ORDER : T.Vinod Kumar, J. Heard learned counsel for the petitioner, learned Special Standing Counsel appearing for Commercial Taxes and perused the record. 2. The briefly stated case of the petitioner is that, it is a company, engaged in the manufacture and marketing of Neem based pesticides and is a registered dealer on the file of the 2nd respondent; and that it has been granted sale tax deferment in terms of the industrial policy by the competent authority. 3. It is the further case of the petitioner that during the years 2005-06 and 2006-07, petitioner had affected sale of various products manufactured by it and disclosed the turnover of such sales in the returns filed before the 2 nd respondent-authority. 4. It is also the case of the petitioner that in terms of the provisions of the VAT Act, 2005 as it is entitled to claim input tax credit in respect of goods purchased from VAT dealer within the state of Andhra Pradesh, and used in the manufacture of its products; that it had furnished the details of such tax paid purchases in the monthly returns filed by it and claimed deferment of sales tax payable on its final product under deferment of tax facility extended to it, whereby sales tax payable on its VAT output tax is treated as interest free loan extended to the petitioner-industry. 5. It is the further case of the petitioner that on the basis of the observations made in the course of VAT audit, the 1st respondent had issued with a show-cause notice, dt. 30.09.2008 in Form VAT 305A calling upon the petitioner to submit its written objections along with documentary evidence within (07) days from the date of receipt of the said notice; that the aforesaid notice though is dt. 30.09.2008, was served on the petitioner on 10.11.2008; and that on receipt of the aforesaid notice in Form VAT 305A, the petitioner by its letter, dt. 22.10.2008, had sought time of 15 days to file detailed objections to the proposed assessment for the tax period 2005-06 and 2006-07. 6. Petitioner further contends that at the first instance, the petitioner having sought 15 days time to file its objections/explanation to the proposals made in the show-cause notice, and the said request having been acceded to by the 1 st respondent-authority, even before expiry of said 15 days time, it was issued with notice, dt.
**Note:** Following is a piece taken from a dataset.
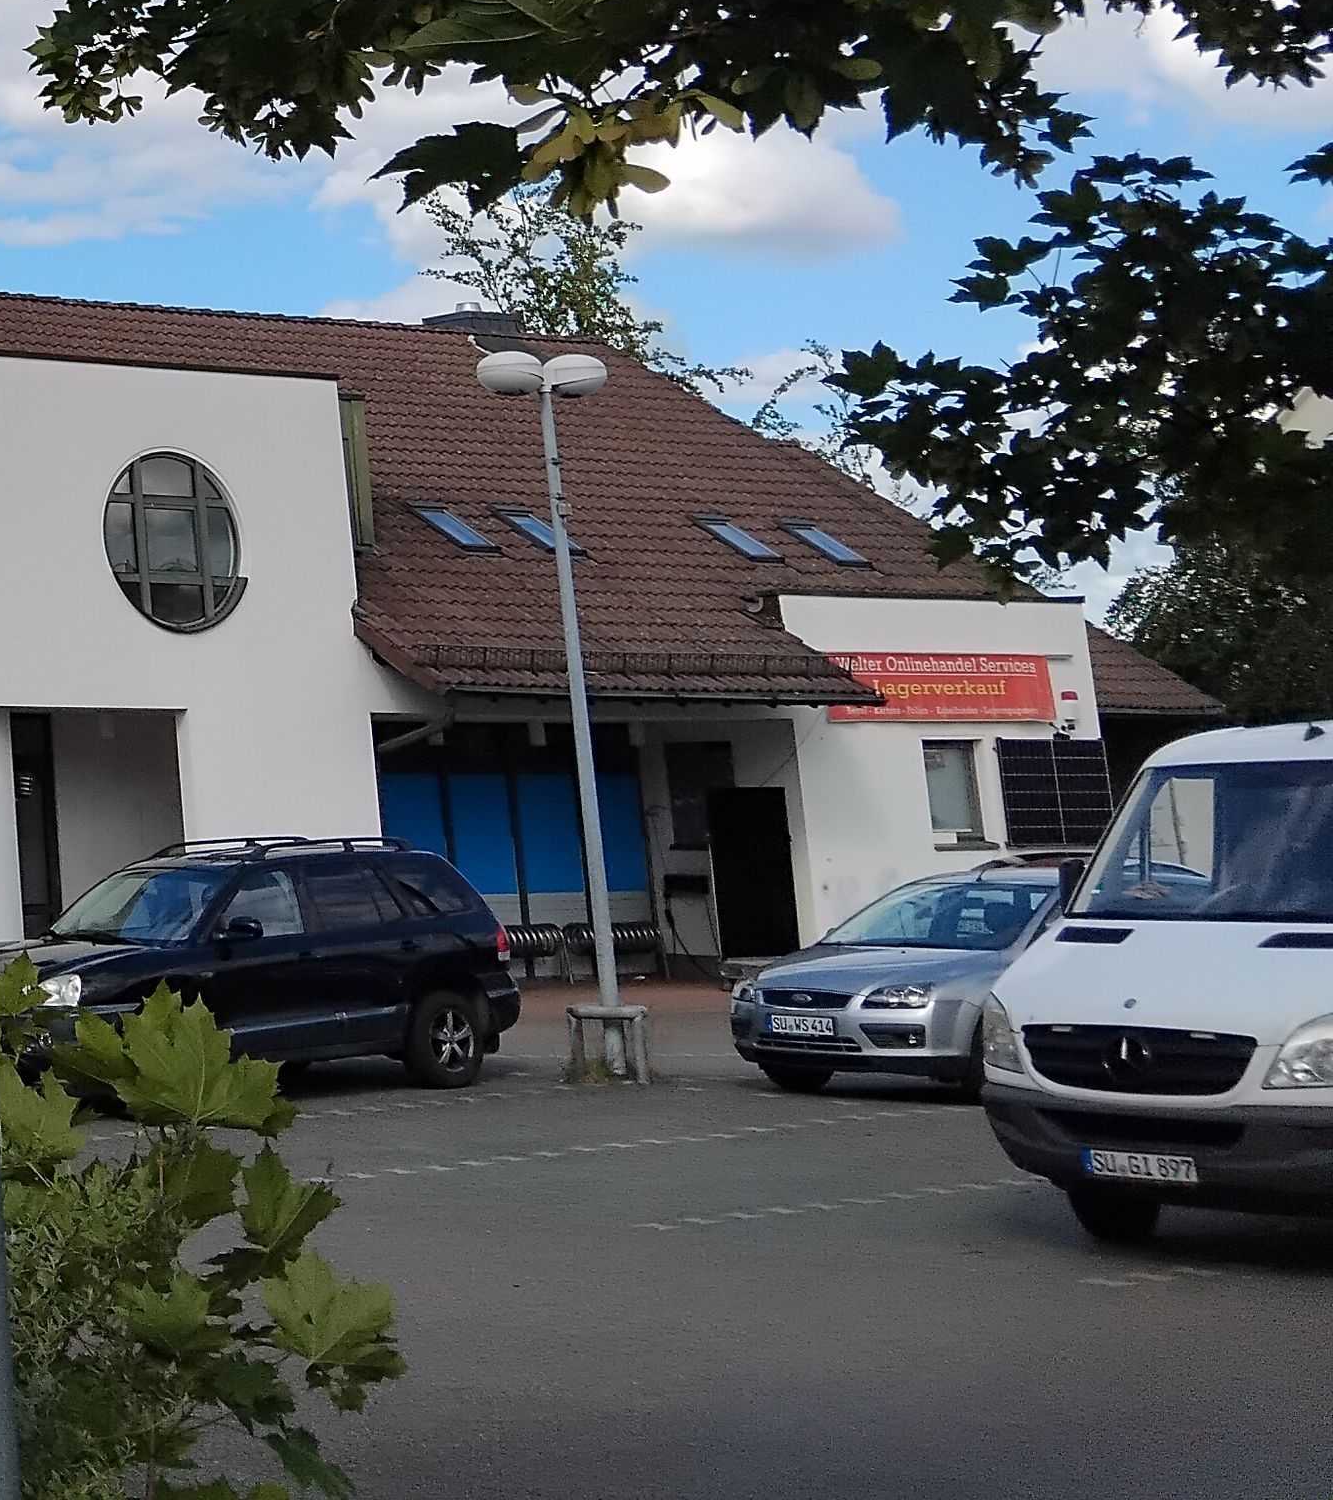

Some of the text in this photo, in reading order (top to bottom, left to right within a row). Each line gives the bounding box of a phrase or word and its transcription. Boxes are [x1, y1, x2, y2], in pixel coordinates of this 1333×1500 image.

[835, 655, 1037, 674] Welter Onlinehandel Services
[873, 679, 1006, 699] Lagerverkauf
6. Petitioner further contends that at the first instance, the petitioner having sought 15 days time to file its objections/explanation to the proposals made in the show-cause notice, and the said request having been acceded to by the 1 st respondent-authority, even before expiry of said 15 days time, it was issued with notice, dt. 04.11.2008, claiming that the 15 days time sought for under the cover of letter, dt. 22.10.2008, is over by 03.11.2008, and since, no explanation/objections are filed, in order to offer a final opportunity, the petitioner was called upon to file objections, in three days i.e., by 06.11.2008, failing which the petitioner was informed that necessary orders would be passed as deemed fit. 7. Petitioner further contends that the aforesaid notice, dt. 04.11.2008 has been served on the petitioner only on 06.11.2008, that too, even before the expiry of 15 days time granted in response to the notice, dt. 22.10.2008. It is further contended by the petitioner that due to the change in its staff, it had addressed a letter dt. 10.11.2008 to the 1 st respondent seeking further time of (15) days to file its objections. 8. Petitioner further contends that on it filing the aforesaid letter seeking further extension of time of (15) days, the respondent- authority neither rejected nor refused to grant such time and since the 2 nd respondent-authority had accepted the request made by the petitioner under the cover of letter, dt. 10.11.2008, it had approached the respondents-authorities on 22.11.2008 and attempted to submit the explanation/objections, in the office of the 1 st respondent. It is contended by the petitioner that as the staff of respondent were on pen-down strike from 22.11.2008 to 26.11.2008, the said objections were not received. 9. It is the further case of the petitioner that at an earlier point of time pursuant to the notice dt. 18.10.2007, issued by the 1st respondent, the petitioner had submitted a detailed reply giving voluminous information by way of various annexures vide letter, dt. 21.10.2007, which was duly acknowledged by the 1 st respondent on 23.10.2007, and as such, even though the explanation/objection of the petitioner dt. 22.10.2008 was not received by the office of the 1 st respondent, the record available with the 1 st respondent has all the details in respect of the issues, which were subject matter of the show-cause notice, dt.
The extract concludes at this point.